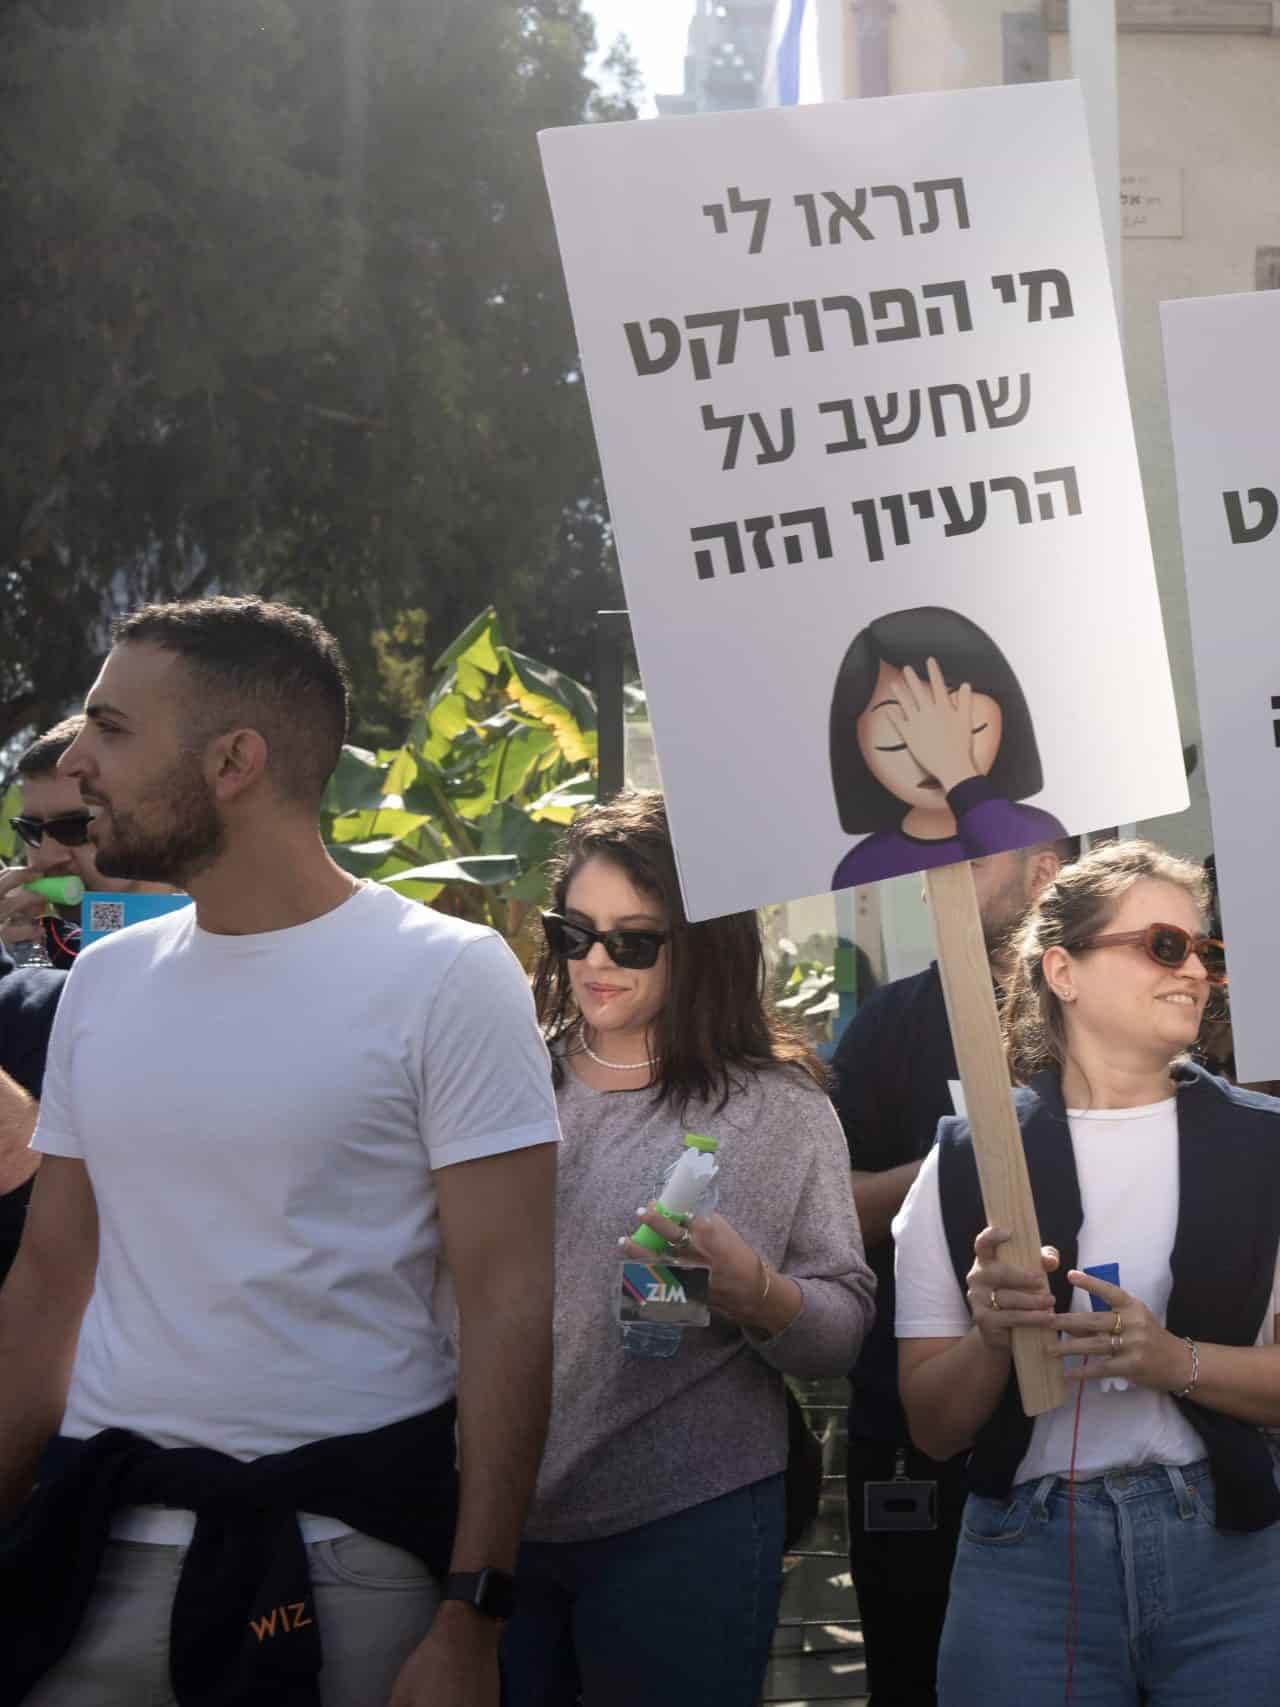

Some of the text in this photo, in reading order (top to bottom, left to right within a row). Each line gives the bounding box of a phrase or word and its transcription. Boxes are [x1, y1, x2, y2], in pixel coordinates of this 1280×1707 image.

[701, 176, 971, 255] תראו לי
[623, 268, 1075, 381] מי הפרודקט
[699, 372, 1031, 472] שחשב על
[689, 465, 1083, 581] הרעיון הזה
[247, 1601, 313, 1643] WIZ
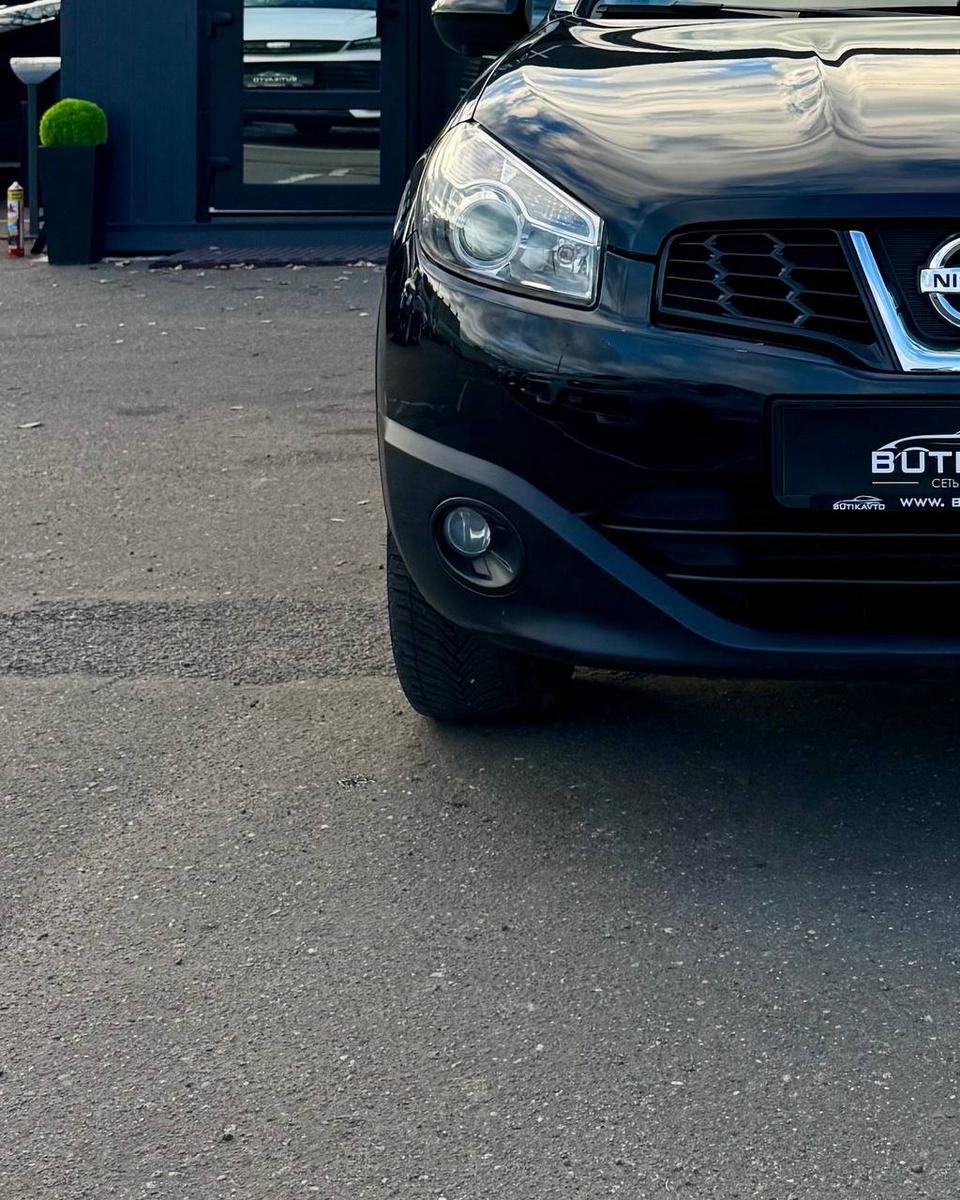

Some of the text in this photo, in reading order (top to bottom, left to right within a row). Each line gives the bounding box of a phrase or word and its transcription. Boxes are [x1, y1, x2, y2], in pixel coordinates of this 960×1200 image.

[931, 478, 960, 489] СЕТЬ
[832, 502, 885, 511] BUTIKAVTO
[899, 497, 945, 508] WWW.
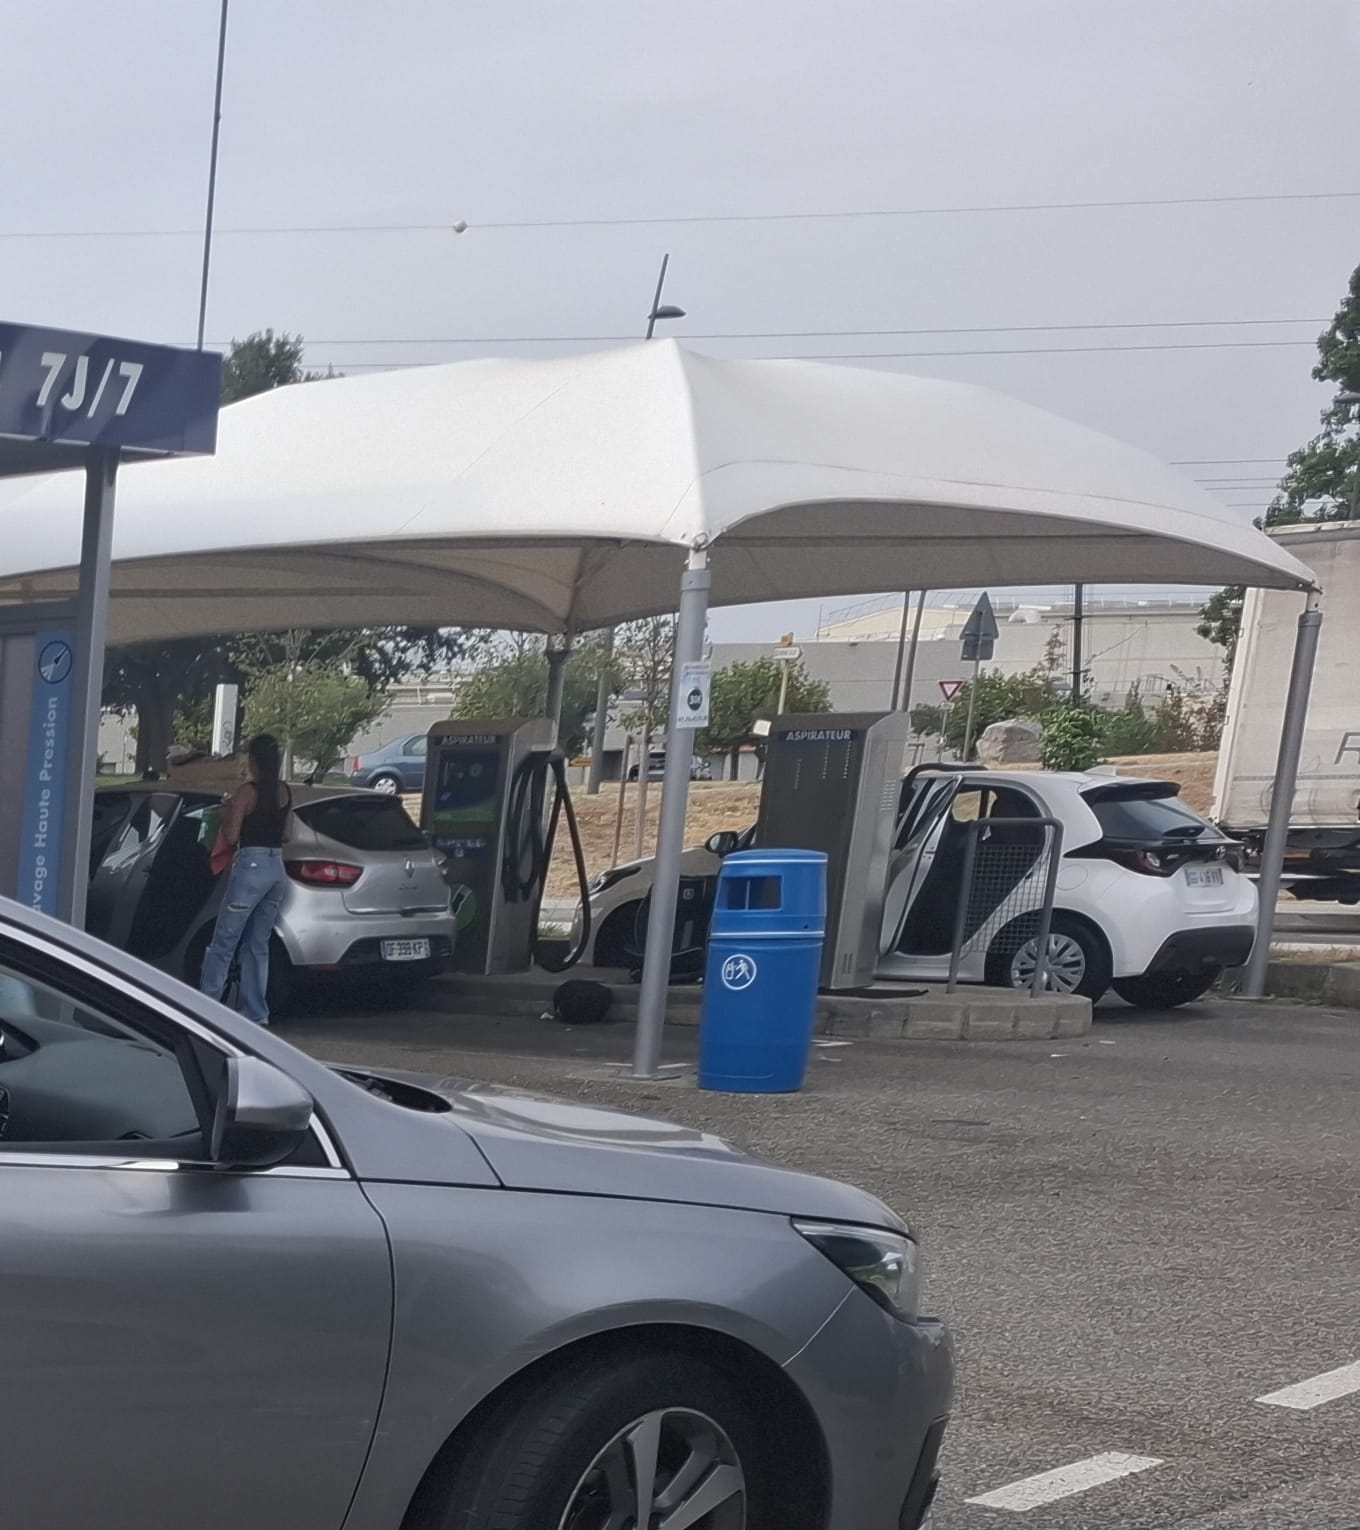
⁂
- Task to carry out -
Output the entries above exactly, without their pictures.

- Output -
Some of the text in this photo, in reading order (top to bottom, left to right within a row). Each line gives the bounding box of a phrase or word and its transcription. Boxes are [x1, y1, x2, y2], in pixel coordinates of this 1280×1707 image.

[701, 176, 971, 255] תראו לי
[623, 268, 1075, 381] מי הפרודקט
[699, 372, 1031, 472] שחשב על
[689, 465, 1083, 581] הרעיון הזה
[247, 1601, 313, 1643] WIZ

Some of the text in this photo, in reading order (top to bottom, left to right within a row). Each line gives the bounding box of a phrase or word and its transcription. Boxes are [x1, y1, x2, y2], in pixel coordinates of this 960×1200 image.

[931, 478, 960, 489] СЕТЬ
[832, 502, 885, 511] BUTIKAVTO
[899, 497, 945, 508] WWW.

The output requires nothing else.